Stored data entries |
━━━━━━━━

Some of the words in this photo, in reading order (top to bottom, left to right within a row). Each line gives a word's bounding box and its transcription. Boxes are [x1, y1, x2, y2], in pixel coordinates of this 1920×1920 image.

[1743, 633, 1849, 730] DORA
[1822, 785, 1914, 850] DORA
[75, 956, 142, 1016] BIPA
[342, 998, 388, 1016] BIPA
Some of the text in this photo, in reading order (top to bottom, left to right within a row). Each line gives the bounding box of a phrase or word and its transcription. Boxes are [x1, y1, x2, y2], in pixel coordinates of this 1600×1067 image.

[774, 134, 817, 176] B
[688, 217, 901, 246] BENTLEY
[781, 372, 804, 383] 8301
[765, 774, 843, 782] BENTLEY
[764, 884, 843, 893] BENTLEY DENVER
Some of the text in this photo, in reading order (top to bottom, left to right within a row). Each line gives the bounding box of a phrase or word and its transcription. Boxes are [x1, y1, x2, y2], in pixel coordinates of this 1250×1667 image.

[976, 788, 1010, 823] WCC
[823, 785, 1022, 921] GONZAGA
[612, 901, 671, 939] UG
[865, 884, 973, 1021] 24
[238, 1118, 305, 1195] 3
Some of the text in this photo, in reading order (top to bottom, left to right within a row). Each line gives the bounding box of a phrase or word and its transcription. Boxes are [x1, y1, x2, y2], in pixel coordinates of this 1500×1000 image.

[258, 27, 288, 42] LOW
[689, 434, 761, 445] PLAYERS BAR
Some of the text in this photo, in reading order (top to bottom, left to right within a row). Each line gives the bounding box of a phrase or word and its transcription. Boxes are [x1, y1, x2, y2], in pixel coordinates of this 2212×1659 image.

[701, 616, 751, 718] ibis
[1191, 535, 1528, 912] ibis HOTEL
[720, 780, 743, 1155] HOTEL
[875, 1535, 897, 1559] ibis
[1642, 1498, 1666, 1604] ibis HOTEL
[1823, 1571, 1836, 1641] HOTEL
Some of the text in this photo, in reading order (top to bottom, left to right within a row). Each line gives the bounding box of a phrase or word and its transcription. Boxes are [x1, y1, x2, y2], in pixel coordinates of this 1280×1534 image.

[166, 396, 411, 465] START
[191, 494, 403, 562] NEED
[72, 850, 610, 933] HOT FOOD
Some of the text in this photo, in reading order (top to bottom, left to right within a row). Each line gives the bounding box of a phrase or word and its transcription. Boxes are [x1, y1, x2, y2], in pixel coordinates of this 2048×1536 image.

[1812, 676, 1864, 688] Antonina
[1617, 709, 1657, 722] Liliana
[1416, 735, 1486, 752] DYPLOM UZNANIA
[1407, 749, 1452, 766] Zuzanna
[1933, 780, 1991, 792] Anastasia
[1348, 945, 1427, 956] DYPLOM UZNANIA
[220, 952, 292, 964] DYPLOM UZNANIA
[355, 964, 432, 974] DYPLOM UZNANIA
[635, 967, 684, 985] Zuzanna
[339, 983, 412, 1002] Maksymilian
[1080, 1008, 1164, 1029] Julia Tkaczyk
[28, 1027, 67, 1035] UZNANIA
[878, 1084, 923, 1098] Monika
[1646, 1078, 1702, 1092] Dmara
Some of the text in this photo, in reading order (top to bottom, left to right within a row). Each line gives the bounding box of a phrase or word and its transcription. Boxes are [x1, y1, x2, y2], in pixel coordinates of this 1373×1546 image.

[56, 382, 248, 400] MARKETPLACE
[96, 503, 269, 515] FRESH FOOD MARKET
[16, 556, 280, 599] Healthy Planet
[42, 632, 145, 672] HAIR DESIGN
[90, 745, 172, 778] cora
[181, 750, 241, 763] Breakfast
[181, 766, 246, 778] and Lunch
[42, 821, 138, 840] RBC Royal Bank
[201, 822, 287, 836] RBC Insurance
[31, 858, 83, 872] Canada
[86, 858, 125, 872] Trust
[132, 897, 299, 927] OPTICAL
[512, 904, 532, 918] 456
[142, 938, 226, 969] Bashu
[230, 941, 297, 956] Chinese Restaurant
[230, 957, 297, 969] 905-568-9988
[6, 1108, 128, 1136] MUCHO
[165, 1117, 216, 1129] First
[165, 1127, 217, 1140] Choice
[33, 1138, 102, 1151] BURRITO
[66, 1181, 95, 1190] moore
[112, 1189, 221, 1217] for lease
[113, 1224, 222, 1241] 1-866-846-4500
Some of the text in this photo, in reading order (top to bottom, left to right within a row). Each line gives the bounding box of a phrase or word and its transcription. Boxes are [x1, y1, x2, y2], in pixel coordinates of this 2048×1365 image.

━━━━━━━━

EXERCISE | Word for word, restate all of the records.

RESPONSE AREA |
Some of the words in this photo, in reading order (top to bottom, left to right within a row). Each line gives a word's bounding box and its transcription. Boxes are [x1, y1, x2, y2], in pixel coordinates of this 1920×1920 image.

[1743, 633, 1849, 730] DORA
[1822, 785, 1914, 850] DORA
[75, 956, 142, 1016] BIPA
[342, 998, 388, 1016] BIPA
Some of the text in this photo, in reading order (top to bottom, left to right within a row). Each line gives the bounding box of a phrase or word and its transcription. Boxes are [x1, y1, x2, y2], in pixel coordinates of this 1600×1067 image.

[774, 134, 817, 176] B
[688, 217, 901, 246] BENTLEY
[781, 372, 804, 383] 8301
[765, 774, 843, 782] BENTLEY
[764, 884, 843, 893] BENTLEY DENVER
Some of the text in this photo, in reading order (top to bottom, left to right within a row). Each line gives the bounding box of a phrase or word and its transcription. Boxes are [x1, y1, x2, y2], in pixel coordinates of this 1250×1667 image.

[976, 788, 1010, 823] WCC
[823, 785, 1022, 921] GONZAGA
[612, 901, 671, 939] UG
[865, 884, 973, 1021] 24
[238, 1118, 305, 1195] 3
Some of the text in this photo, in reading order (top to bottom, left to right within a row). Each line gives the bounding box of a phrase or word and its transcription. Boxes are [x1, y1, x2, y2], in pixel coordinates of this 1500×1000 image.

[258, 27, 288, 42] LOW
[689, 434, 761, 445] PLAYERS BAR
Some of the text in this photo, in reading order (top to bottom, left to right within a row). Each line gives the bounding box of a phrase or word and its transcription. Boxes are [x1, y1, x2, y2], in pixel coordinates of this 2212×1659 image.

[701, 616, 751, 718] ibis
[1191, 535, 1528, 912] ibis HOTEL
[720, 780, 743, 1155] HOTEL
[875, 1535, 897, 1559] ibis
[1642, 1498, 1666, 1604] ibis HOTEL
[1823, 1571, 1836, 1641] HOTEL
Some of the text in this photo, in reading order (top to bottom, left to right within a row). Each line gives the bounding box of a phrase or word and its transcription. Boxes are [x1, y1, x2, y2], in pixel coordinates of this 1280×1534 image.

[166, 396, 411, 465] START
[191, 494, 403, 562] NEED
[72, 850, 610, 933] HOT FOOD
Some of the text in this photo, in reading order (top to bottom, left to right within a row). Each line gives the bounding box of a phrase or word and its transcription. Boxes are [x1, y1, x2, y2], in pixel coordinates of this 2048×1536 image.

[1812, 676, 1864, 688] Antonina
[1617, 709, 1657, 722] Liliana
[1416, 735, 1486, 752] DYPLOM UZNANIA
[1407, 749, 1452, 766] Zuzanna
[1933, 780, 1991, 792] Anastasia
[1348, 945, 1427, 956] DYPLOM UZNANIA
[220, 952, 292, 964] DYPLOM UZNANIA
[355, 964, 432, 974] DYPLOM UZNANIA
[635, 967, 684, 985] Zuzanna
[339, 983, 412, 1002] Maksymilian
[1080, 1008, 1164, 1029] Julia Tkaczyk
[28, 1027, 67, 1035] UZNANIA
[878, 1084, 923, 1098] Monika
[1646, 1078, 1702, 1092] Dmara
Some of the text in this photo, in reading order (top to bottom, left to right within a row). Each line gives the bounding box of a phrase or word and its transcription. Boxes are [x1, y1, x2, y2], in pixel coordinates of this 1373×1546 image.

[56, 382, 248, 400] MARKETPLACE
[96, 503, 269, 515] FRESH FOOD MARKET
[16, 556, 280, 599] Healthy Planet
[42, 632, 145, 672] HAIR DESIGN
[90, 745, 172, 778] cora
[181, 750, 241, 763] Breakfast
[181, 766, 246, 778] and Lunch
[42, 821, 138, 840] RBC Royal Bank
[201, 822, 287, 836] RBC Insurance
[31, 858, 83, 872] Canada
[86, 858, 125, 872] Trust
[132, 897, 299, 927] OPTICAL
[512, 904, 532, 918] 456
[142, 938, 226, 969] Bashu
[230, 941, 297, 956] Chinese Restaurant
[230, 957, 297, 969] 905-568-9988
[6, 1108, 128, 1136] MUCHO
[165, 1117, 216, 1129] First
[165, 1127, 217, 1140] Choice
[33, 1138, 102, 1151] BURRITO
[66, 1181, 95, 1190] moore
[112, 1189, 221, 1217] for lease
[113, 1224, 222, 1241] 1-866-846-4500
Some of the text in this photo, in reading order (top to bottom, left to right within a row). Each line gives the bounding box of a phrase or word and its transcription. Boxes are [x1, y1, x2, y2], in pixel coordinates of this 2048×1365 image.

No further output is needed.